Valley restaurants seeing big changes as coronavirus continues to spread


The restaurants we talked to said one side of their business is struggling, while another is booming


(WYTV) – As cases of COVID-19 coronavirus continue to multiply and everyday life changes, one thing won’t change — you have to eat. Restaurants are seeing some positive and some negative effects.

Kravitz Deli in Liberty has been piling corned beef high since 1939. It still has good crowds for lunch but Jack Kravitz senses something going on.

“We are seeing some big effects in our catering business,” he said.

Kravitz’s biggest event of the year — the Goodwill Auction — has been postponed but the restaurant already bought supplies for the banquet. That loss of cash flow can hurt a small business.

“I’ve been at this a while, and we want to be able to zig and zag and change with the business as you need,” Kravitz said.

Kravitz bought 5,000 pounds of corned beef and is holding it in a trailer outside the store, just waiting for St. Patrick’s Day. Carryout has been 60% to 65% of its business.

Kravitz has come up with the Reuben Rescue in response to the coronavirus threat. You can take home sandwiches to grill yourself and if you’re afraid of crowds, Kravitz will also have an express food truck outside.

“If you’re uncomfortable being in the restaurant, let’s get you outside where you’re more comfortable and still go on celebrating the holiday,” Kravitz said.

At Blue Wolf Tavern in Boardman, Joe Rzonsa hadn’t noticed much of an impact until lunch Thursday.

“Was ticked down just a little bit but at the same time, we had a significant increase in carryouts and deliveries,” he said.

Rzonsa opened the Blue Wolf in Struthers four weeks before the September 11 terrorist attacks. He said the three weeks that followed were the hardest three weeks in business.

“This weekend is going to be a great indicator of what people are thinking they’re going to do,” Rzonsa said.

He will be careful with his budgeting as he sees the response to coronavirus.

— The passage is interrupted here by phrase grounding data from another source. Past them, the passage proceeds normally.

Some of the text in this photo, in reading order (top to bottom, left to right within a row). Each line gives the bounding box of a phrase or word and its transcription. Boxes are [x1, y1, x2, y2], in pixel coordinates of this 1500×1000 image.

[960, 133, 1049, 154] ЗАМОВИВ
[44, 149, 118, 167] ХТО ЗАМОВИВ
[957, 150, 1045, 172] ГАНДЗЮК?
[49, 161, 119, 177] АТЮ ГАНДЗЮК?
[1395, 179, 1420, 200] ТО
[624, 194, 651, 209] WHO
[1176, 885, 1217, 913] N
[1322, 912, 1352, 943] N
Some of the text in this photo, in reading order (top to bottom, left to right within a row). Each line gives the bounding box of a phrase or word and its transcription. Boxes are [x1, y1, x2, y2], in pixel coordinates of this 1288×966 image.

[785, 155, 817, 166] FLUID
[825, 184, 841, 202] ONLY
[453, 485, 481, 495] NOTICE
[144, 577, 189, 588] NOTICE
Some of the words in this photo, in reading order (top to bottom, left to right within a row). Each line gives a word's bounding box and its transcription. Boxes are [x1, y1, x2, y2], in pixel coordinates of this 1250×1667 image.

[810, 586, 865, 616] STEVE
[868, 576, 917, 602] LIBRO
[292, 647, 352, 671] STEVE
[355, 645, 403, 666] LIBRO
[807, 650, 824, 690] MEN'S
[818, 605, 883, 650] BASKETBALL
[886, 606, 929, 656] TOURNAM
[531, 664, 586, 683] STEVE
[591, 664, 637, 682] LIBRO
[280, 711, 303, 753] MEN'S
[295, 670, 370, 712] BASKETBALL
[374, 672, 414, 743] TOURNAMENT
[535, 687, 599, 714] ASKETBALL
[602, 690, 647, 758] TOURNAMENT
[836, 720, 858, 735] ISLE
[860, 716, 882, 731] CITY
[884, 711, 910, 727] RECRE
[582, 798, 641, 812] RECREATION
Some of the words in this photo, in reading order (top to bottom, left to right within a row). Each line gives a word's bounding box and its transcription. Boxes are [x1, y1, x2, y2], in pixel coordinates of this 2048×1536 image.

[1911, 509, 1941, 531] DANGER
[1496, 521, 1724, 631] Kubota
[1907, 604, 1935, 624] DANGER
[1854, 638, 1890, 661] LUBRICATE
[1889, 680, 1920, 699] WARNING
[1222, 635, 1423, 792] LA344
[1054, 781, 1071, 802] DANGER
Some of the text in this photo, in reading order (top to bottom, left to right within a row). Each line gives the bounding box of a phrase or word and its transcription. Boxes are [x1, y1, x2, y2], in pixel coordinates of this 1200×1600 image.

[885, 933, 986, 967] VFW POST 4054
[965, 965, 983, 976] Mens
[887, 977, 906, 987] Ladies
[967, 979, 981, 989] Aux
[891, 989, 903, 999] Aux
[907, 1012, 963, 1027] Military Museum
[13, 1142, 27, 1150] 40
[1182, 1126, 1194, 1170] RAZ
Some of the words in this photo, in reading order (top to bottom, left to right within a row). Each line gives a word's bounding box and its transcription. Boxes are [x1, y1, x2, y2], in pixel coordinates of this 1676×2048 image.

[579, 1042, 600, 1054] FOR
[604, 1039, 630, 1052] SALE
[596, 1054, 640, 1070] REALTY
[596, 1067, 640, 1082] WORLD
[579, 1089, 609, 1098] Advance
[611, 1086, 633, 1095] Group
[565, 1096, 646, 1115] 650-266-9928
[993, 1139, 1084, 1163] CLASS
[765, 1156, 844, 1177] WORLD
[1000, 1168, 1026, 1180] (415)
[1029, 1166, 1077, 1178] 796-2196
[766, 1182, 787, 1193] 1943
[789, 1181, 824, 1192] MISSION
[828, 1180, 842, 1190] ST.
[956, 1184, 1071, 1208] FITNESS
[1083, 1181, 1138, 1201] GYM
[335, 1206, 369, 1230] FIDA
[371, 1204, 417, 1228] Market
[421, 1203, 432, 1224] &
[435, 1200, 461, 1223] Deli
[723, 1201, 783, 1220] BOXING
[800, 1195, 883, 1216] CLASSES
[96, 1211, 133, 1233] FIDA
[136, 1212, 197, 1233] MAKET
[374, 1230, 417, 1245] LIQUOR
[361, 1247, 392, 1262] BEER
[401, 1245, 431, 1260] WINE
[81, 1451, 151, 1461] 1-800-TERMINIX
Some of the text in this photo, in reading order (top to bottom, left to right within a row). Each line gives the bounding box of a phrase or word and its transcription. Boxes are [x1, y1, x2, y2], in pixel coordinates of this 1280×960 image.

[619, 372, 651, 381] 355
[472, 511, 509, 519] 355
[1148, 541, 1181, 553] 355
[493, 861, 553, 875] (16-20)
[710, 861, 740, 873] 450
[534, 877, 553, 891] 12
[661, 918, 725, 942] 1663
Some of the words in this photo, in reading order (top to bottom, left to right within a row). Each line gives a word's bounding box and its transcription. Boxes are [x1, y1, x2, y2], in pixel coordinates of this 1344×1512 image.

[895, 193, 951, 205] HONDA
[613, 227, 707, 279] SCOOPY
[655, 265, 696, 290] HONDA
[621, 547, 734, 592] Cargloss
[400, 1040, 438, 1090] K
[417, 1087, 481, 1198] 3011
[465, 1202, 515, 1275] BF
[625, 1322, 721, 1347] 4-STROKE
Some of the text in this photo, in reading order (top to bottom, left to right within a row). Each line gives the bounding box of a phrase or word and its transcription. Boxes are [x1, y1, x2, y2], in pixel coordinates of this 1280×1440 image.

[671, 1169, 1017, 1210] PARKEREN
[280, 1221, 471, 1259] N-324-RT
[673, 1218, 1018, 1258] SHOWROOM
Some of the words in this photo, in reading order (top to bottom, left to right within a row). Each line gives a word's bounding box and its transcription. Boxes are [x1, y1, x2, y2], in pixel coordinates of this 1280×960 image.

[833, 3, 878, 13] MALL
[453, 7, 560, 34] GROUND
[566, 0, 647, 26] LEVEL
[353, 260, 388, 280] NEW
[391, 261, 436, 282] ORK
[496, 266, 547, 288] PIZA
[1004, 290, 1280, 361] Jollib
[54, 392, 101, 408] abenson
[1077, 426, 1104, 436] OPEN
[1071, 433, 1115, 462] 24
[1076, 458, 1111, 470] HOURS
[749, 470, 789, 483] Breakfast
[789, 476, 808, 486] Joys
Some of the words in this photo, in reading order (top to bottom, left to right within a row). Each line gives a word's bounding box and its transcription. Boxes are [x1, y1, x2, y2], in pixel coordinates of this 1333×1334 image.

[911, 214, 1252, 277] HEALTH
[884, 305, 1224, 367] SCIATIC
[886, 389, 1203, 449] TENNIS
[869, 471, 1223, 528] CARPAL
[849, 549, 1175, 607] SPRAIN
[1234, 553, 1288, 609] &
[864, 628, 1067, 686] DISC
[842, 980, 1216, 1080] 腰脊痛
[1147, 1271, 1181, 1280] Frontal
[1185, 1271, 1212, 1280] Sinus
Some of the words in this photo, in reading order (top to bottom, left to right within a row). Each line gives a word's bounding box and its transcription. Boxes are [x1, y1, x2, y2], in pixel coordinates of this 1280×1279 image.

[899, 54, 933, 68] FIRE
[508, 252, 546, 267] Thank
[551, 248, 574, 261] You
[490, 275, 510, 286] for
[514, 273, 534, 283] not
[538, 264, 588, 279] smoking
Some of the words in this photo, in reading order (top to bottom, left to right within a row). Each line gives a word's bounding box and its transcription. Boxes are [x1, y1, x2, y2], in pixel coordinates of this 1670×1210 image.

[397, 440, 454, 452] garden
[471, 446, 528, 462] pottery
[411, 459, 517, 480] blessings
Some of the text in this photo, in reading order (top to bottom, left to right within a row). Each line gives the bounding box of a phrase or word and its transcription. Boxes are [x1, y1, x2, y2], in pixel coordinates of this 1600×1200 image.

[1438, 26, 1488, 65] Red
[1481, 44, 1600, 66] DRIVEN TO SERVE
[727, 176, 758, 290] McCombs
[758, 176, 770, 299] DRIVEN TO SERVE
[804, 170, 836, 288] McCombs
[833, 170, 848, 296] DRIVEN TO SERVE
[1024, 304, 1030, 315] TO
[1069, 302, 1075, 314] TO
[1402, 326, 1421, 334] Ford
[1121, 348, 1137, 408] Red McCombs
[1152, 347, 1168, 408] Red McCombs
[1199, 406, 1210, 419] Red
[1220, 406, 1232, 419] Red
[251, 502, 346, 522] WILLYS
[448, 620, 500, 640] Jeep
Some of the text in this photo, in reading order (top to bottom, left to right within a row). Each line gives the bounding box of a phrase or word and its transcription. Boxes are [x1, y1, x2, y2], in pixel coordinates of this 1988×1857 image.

Blue Wolf’s catering business has had people call about postponing events. Rzonsa believes restaurants are safer than many stores because of the health requirements restaurant employees have to follow.

“We have no less than three people that are Level 2 safety- and sanitation-certified. Ohio mandates one person at all times. We have three,” he said.

Blue Wolf and Kravitz figure restaurants will be popular for carryout and delivery. They’re prepared to handle the influx.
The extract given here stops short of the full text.